Bombenentschärfung im Klinikviertel Dortmund sorgt für massive Störungen – Das müsst ihr nun wissen

Bombenentschärfung im Klinikviertel Dortmund. Foto: Stadt Dortmund
Bombenentschärfung im Klinikviertel Dortmund. Foto: Stadt Dortmund

Die Bombenentschärfung am Sonntag (12. Januar) wirft seine Schatten voraus. Im Dortmunder Klinikviertel werden am Wochenende drei Fliegerbomben aus dem zweiten Weltkrieg entschärft. Eine weitere Verdachtsstelle im Gartenbereich des St. Johannes-Klinikums muss am Sonntag noch untersucht werden. 

Laut der Stadt Dortmund sind etwa 14.000 Bürgerinnen und Bürger von den Evakuierungsmaßnahmen betroffen. Eine gute Nachricht gibt es für die Patienten der Krankenhäuser in der Innenstadt von Dortmund. Denn nur wenige Patienten müssen sich auf Änderungen einstellen und durch die Bombenentschärfung an einen anderen Standort umgesiedelt werden. Bis Samstagabend (11. Januar) um 19:00 können Betroffene, die das Gebiet nicht eigenständig verlassen sich beim Ordnungsamt melden, um einen Krankentransport zu beantragen.
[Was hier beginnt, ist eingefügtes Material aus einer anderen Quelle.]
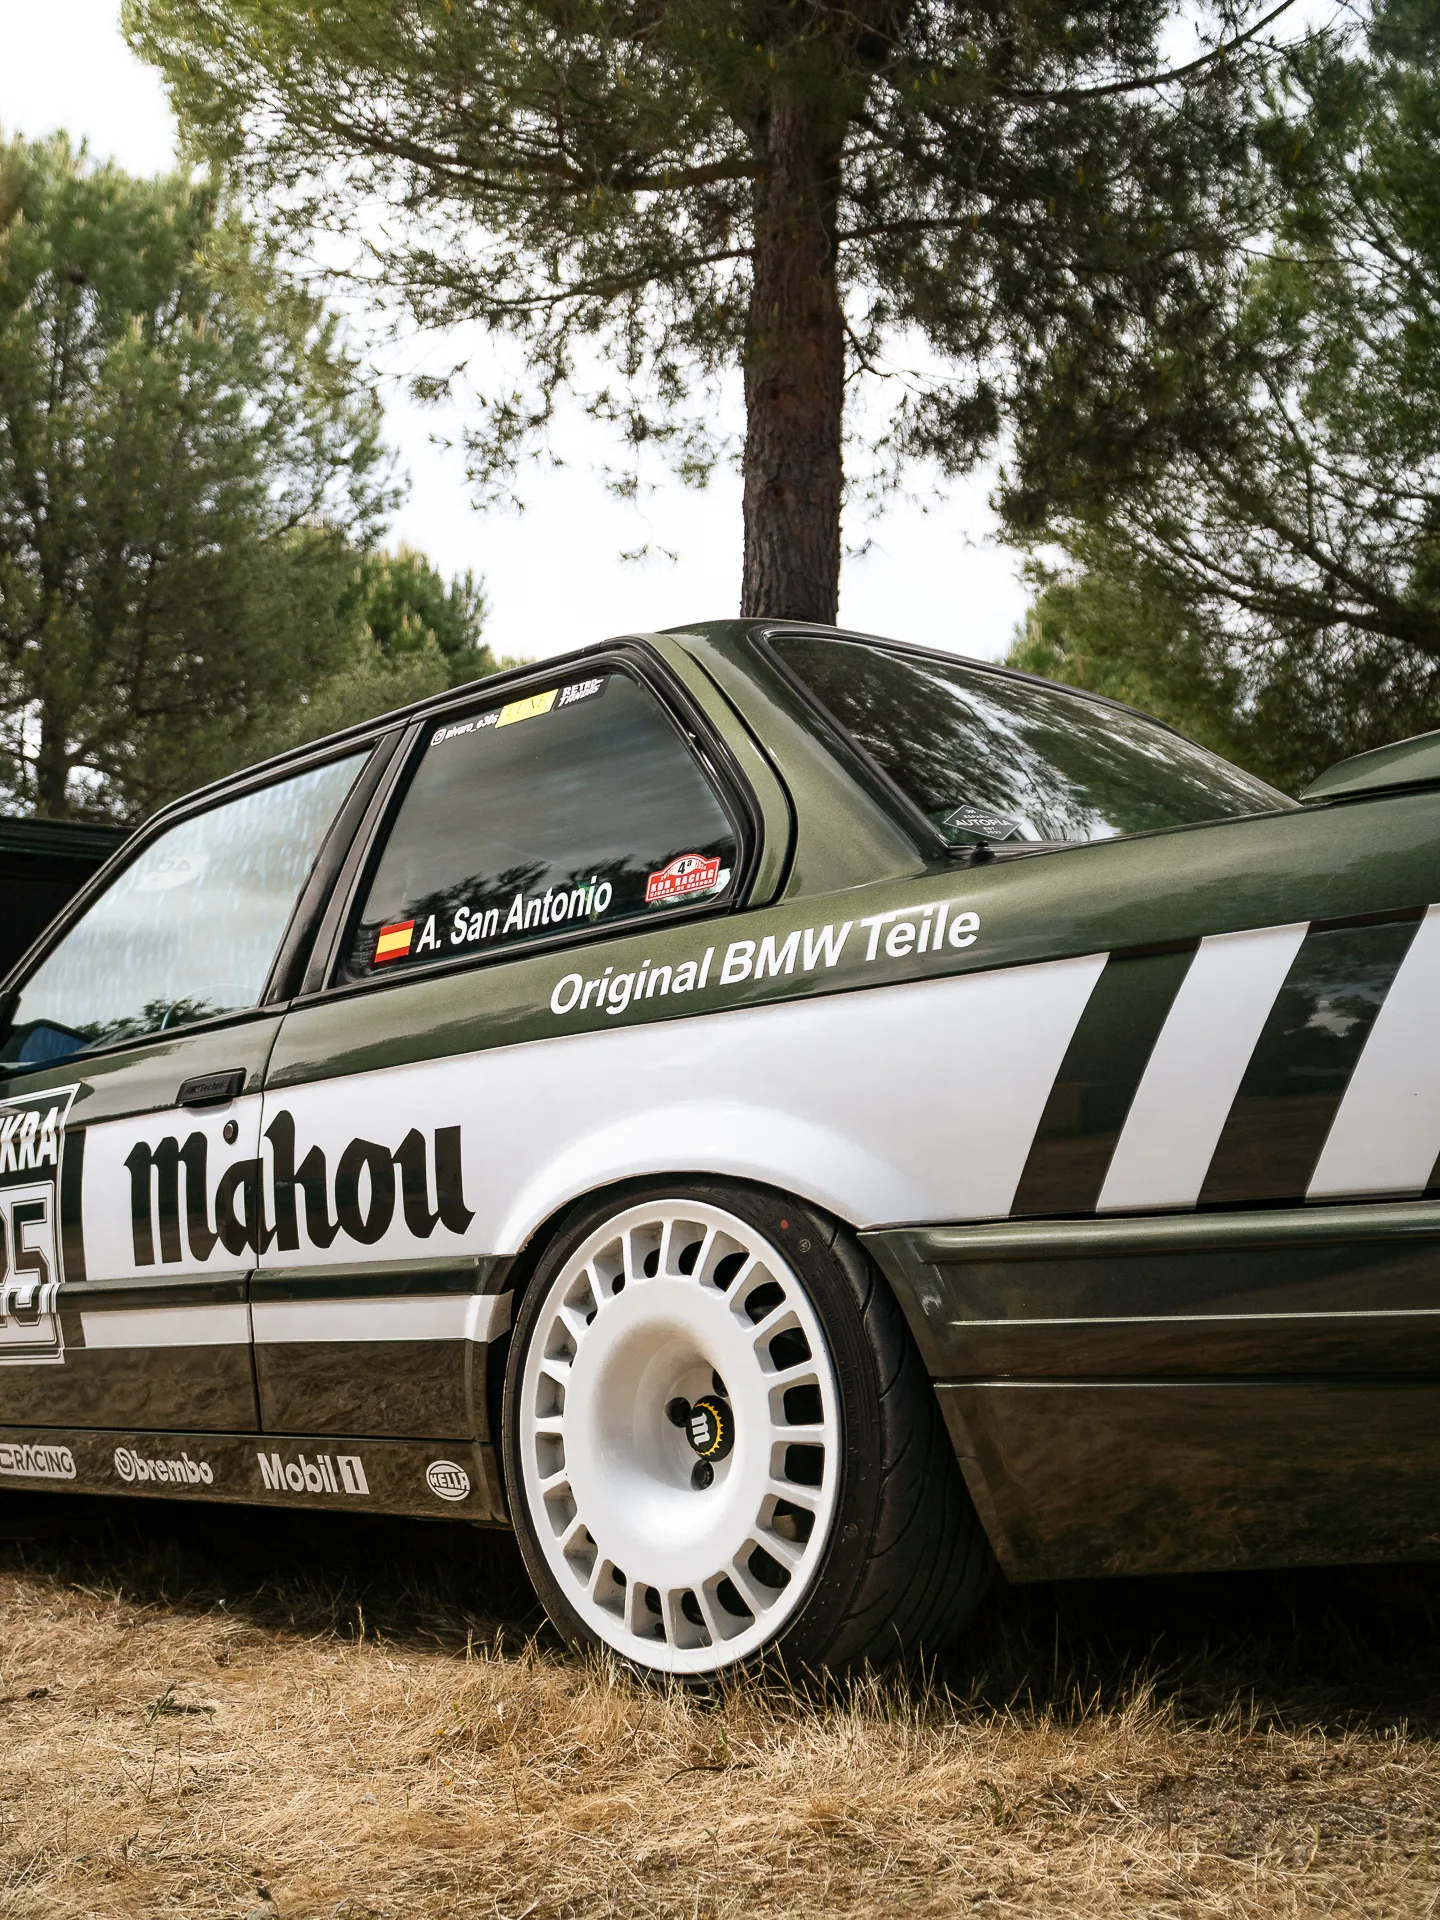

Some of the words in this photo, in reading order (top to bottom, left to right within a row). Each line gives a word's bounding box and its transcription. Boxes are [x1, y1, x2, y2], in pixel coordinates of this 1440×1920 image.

[675, 869, 714, 887] RACING
[416, 914, 441, 953] A.
[450, 906, 500, 945] San
[502, 875, 613, 934] Antonio
[550, 945, 715, 1016] Original
[719, 920, 855, 986] BMW
[857, 903, 981, 962] Teile
[0, 1107, 58, 1174] KRA
[130, 1449, 214, 1485] brembo
[257, 1452, 339, 1493] Mobil
[430, 1472, 471, 1491] HELLA
Bahn- und Nahverkehr stark beeinträchtigt

Auch der Bahnverkehr und der Öffentliche Nahverkehr sind von der Entschärfung betroffen. Der Dortmunder Hauptbahnhof wird ab 8:00 morgens nur noch durch den Eingang auf der Nordseite begehbar sein. Die Bahn hat ihre Fahrpläne ab 12:00 so umgestellt, dass die Züge über Dortmund alle umgeleitet werden. Auch die Stadtbahnen und Busse im Klinikviertel fallen aus oder fahren nur unregelmäßig. So ist es beispielsweise ab Sonntagmorgen (12. Januar) an den Stadtbahn-Knotenpunkten Kampstraße und Stadtgarten nur noch möglich ein-, aber nicht mehr auszusteigen. Mit Beginn der Entschärfung fallen dann die Linien U45, U46 und U49 komplett aus. Eine detaillierte Übersicht der Änderungen gibt es online bei der Stadt Dortmund.
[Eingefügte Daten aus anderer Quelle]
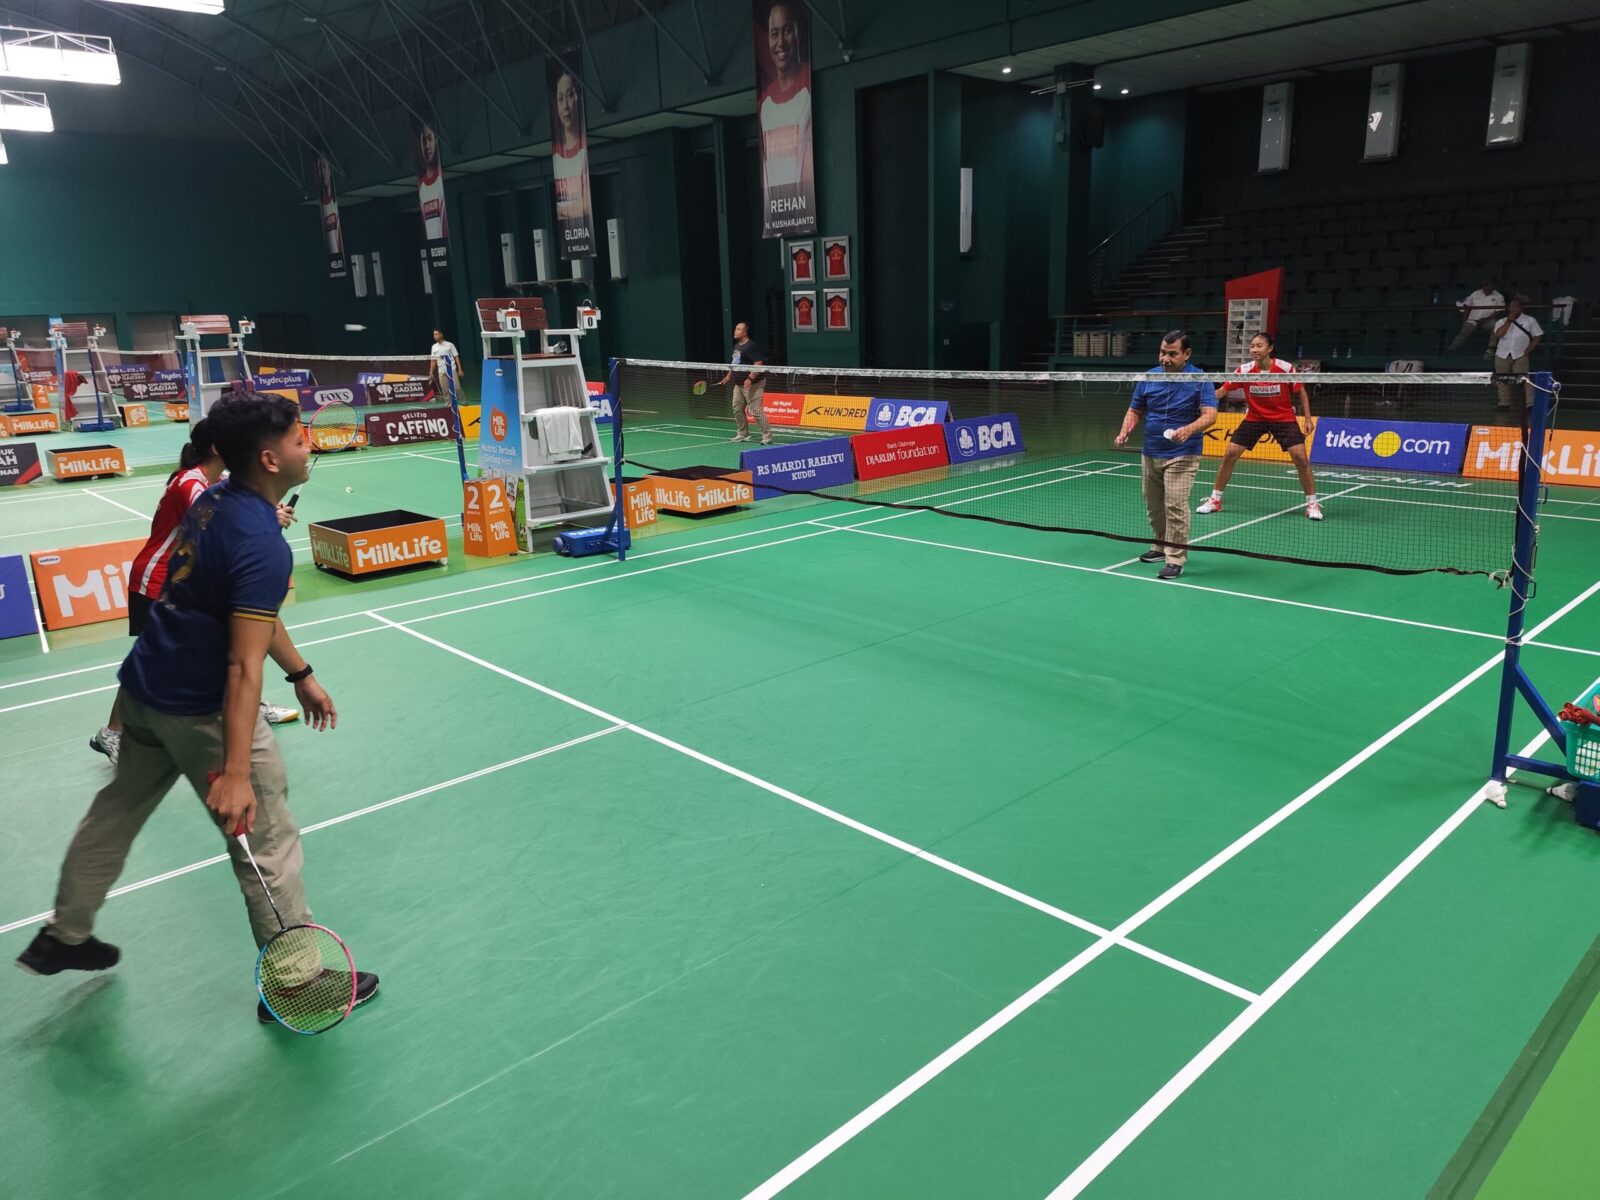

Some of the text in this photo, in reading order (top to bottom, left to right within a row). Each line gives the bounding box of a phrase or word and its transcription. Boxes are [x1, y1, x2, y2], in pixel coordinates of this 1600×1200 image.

[770, 195, 806, 214] REHAN
[564, 227, 590, 241] GLORIA
[510, 317, 518, 329] 0
[587, 316, 594, 328] 0
[402, 412, 427, 421] DELIZIO
[823, 406, 867, 418] HUNDRED
[894, 405, 937, 427] BCA
[386, 418, 449, 442] CAFFINO
[978, 421, 1016, 451] BCA
[757, 453, 845, 476] RS MARDI RAHAYU
[865, 444, 940, 466] DJARUM foundation
[59, 457, 121, 474] MilkLife
[791, 469, 816, 480] KUDUS
[467, 485, 480, 509] 2
[487, 484, 504, 509] 2
[631, 491, 653, 510] Milk
[655, 487, 691, 508] ilkLife
[697, 483, 750, 508] MilkLife
[635, 506, 656, 525] Life
[467, 522, 482, 534] Milk
[490, 520, 508, 533] Milk
[493, 529, 510, 541] Life
[469, 532, 483, 542] Life
[313, 538, 350, 568] MilkLife
[356, 535, 442, 568] MilkLife
Die Kliniken im Entschärfungsgebiet der Bomben sind davon weitestgehend nicht betroffen. „Lediglich die Kinderklinik-Patienten werden in den Standort Nord verlegt. Alle anderen Patienten werden, wenn nur intern verlegt“, sagt Lisa Müller, Pressesprecherin der Klinikum Dortmund gGmbH. Wie lange die Evakuierung dauern wird und wann die Patienten des Kinderklinikums zurück können steht noch nicht sicher fest. „Geplant ist, dass die Evakuierung bis Sonntag 23:00 geht und am Montag sollen die Patienten dann zurückverlegt werden“, so Müller weiter. Dies hänge aber auch mit dem Ablauf der Entschärfung zusammen.

Beginn der Entschärfung abhängig von der Stadt

Wann genau die Entschärfung beginnt und wie lange diese dauert kann die Bezirksregierung in Arnsberg nicht vorhersagen. „Das kann man nie wissen, egal welches Ausmaß die Entschärfung hat“, sagt Christoph Söbbeler, Leiter der Pressestelle der Bezirksregierung. „Die Entschärfung beginnt sobald die Stadt Dortmund das okay gibt und die Evakuierung abgeschlossen ist“, weiß Söbbeler. „Die Bomben werden Stück für Stück entschärft.“

Auch die Stadt Dortmund kann noch nicht sagen von wann bis wann die Evakuierung und die Entschärfung der Bomben dauern wird. Dies hängt auch mit dem reibungslosen Ablauf der Evakuierung ab. Probleme, die Auftreten könnten seien zum Beispiel „Menschen, die ihre Wohnung nicht verlassen wollen oder zusätzliche Krankentransporte, die den Ablauf verzögern könnten“, teilte Maximilian Löchter, Pressereferent der Stadt Dortmund mit. Es ist also nach wie vor nicht abzusehen, wie lange die Menschen im Klinikviertel am Sonntag ihre Wohnungen verlassen müssen.